Qual è la vera strategia del governo Draghi sulle riaperture

«Se i contagi non determineranno un aumento dei ricoveri, la situazione sarà sotto controllo». In queste poche parole del sottosegretario alla Salute Pierpaolo Sileri dette a RaiNews24 è riassunta tutta la strategia del governo Draghi sulle riaperture.

Un rischio «ragionato», come disse all’epoca il presidente del Consiglio. Che si basa sulla velocità di vaccinazione degli anziani e sulla capacità di tenere sotto controllo l’epidemia. Anche in caso di un nuovo aumento dei contagi.

La strategia del governo Draghi sulle riaperture

Il ragionamento si basa su un assunto che si può comprendere leggendo il «rapporto sulle caratteristiche dei pazienti deceduti e positivi a Covid-19» sul sito dell’Istituto Superiore di Sanità. Che spiega che l’età media dei pazienti deceduti e positivi a SARS-CoV-2 in Italia è di 81 anni e che l’età mediana dei pazienti deceduti positivi a SARS-CoV-2 «è più alta di oltre 30 anni rispetto a quella dei pazienti che hanno contratto l’infezione».

E aggiunge che in 7.199 pazienti deceduti di cui è stato possibile analizzare le cartelle cliniche il numero medio di patologie osservate è di 3,6: «complessivamente, 214 pazienti (3,0% del campione) presentavano 0 patologie, 837 (11,6%) presentavano 1 patologia, 1.326 (18,4%) presentavano 2 patologie e 4.822 (67,0%) presentavano 3 o più patologie». E allora il rischio ragionato è tutto qui. Prevede che il governo sia in grado di fronteggiare un (previsto) aumento dei contagi dovuto alla zona gialla in tutto il paese. A patto che questo non debba costare un prezzo alto per quanto riguarda i ricoveri, come dice il sottosegretario Sileri.

Vaccinare gli anziani e i fragili per riaprire l’Italia

Con tutto quello che ne consegue in termini di collasso degli ospedali da evitare. Ma soprattutto di morti, viene da aggiungere visto che è quello il numero più importante e drammatico. E che ha determinato l’anomalia del tasso di letalità altissimo del Belpaese. Per questo oggi il virologo dell’Università di Milano Fabrizio Pregliasco in un’intervista a La Stampa dice di aspettarsi per fine maggio una piccola ondata, «un’ondina da da diecimila contagiati al giorno, ma con meno ricoveri rispetto ai vaccini». E aggiunge che a tutelarci sarà la bella stagione, visto che «la minore umidità e i ristoranti e i bar solo fuori contribuiscono».

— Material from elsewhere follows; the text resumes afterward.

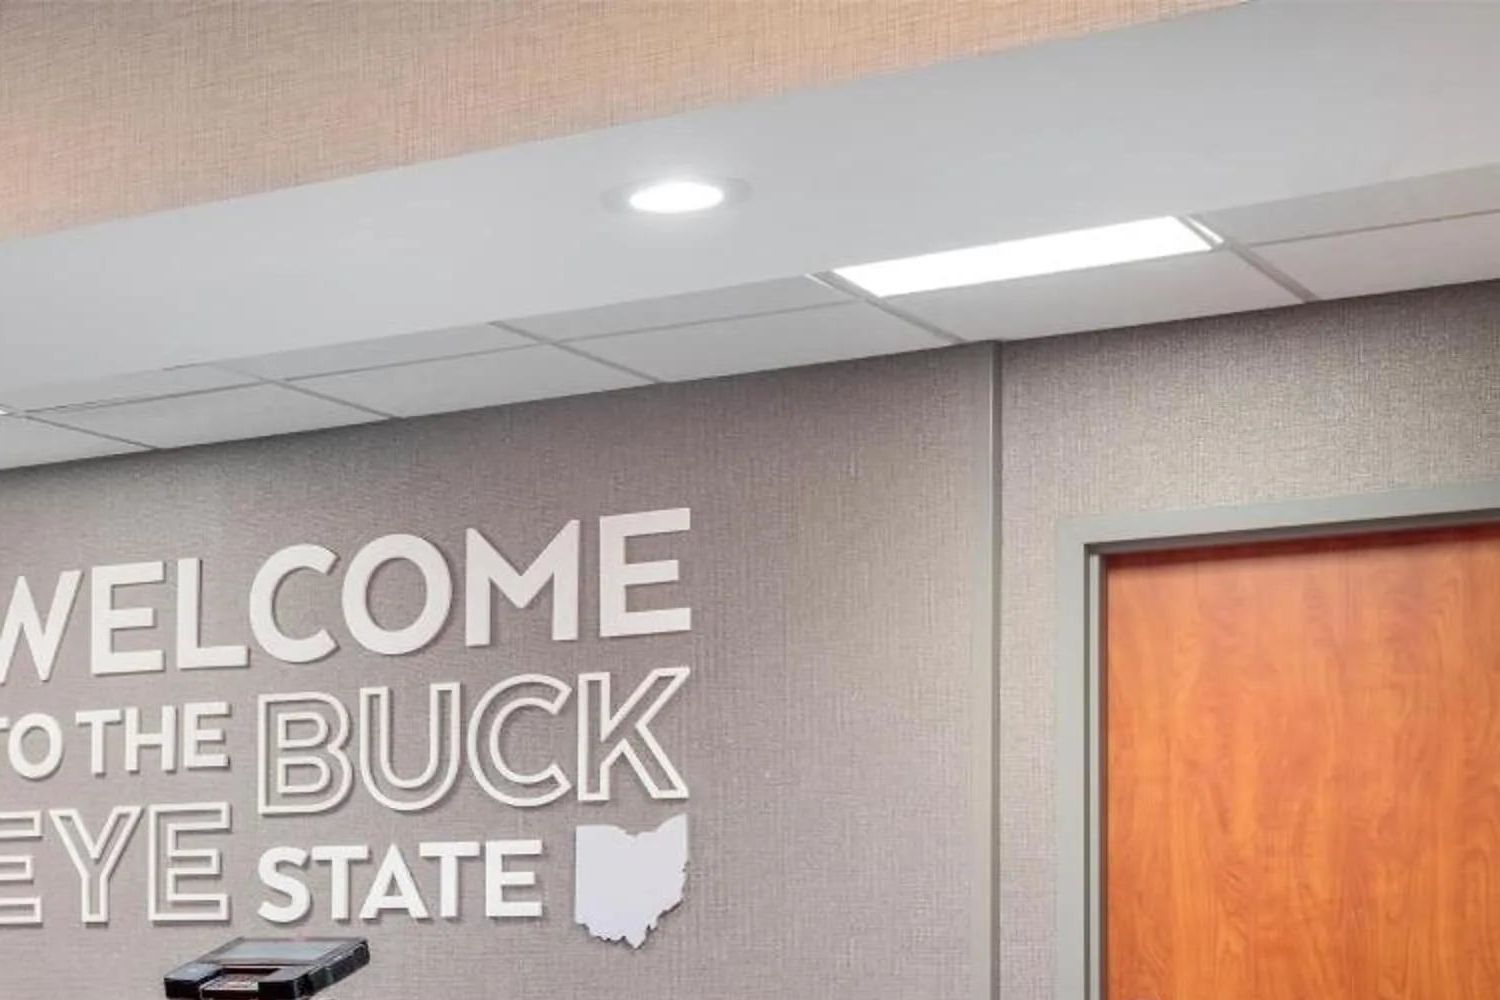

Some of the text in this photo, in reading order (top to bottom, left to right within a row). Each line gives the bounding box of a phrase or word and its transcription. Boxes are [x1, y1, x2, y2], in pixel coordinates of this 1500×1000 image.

[76, 701, 231, 775] THE
[257, 666, 691, 815] BUCK
[257, 839, 544, 924] STATE

A prima vista sembrerebbe lo stesso ragionamento fatto l’estate scorsa, quando però invece il virus continuò a circolare fino a ottobre quando scoppiò la (terribile) seconda ondata. Ma non è così. Perché stavolta a fare la differenza sarà l’immunizzazione di massa. Che, essendo partita da anziani e pazienti fragili, tutelerà prima di tutto loro. Ovvero quelli che se si ammalano rischiano di più la morte. Gli altri potrebbero essere asintomatici e non ammalarsi mai. Oppure superarla se arriva in forma lieve. Per questo il rischio è «ragionato» e «strategico». Finché non spunta una variante più contagiosa, più letale e resistente ai vaccini, almeno.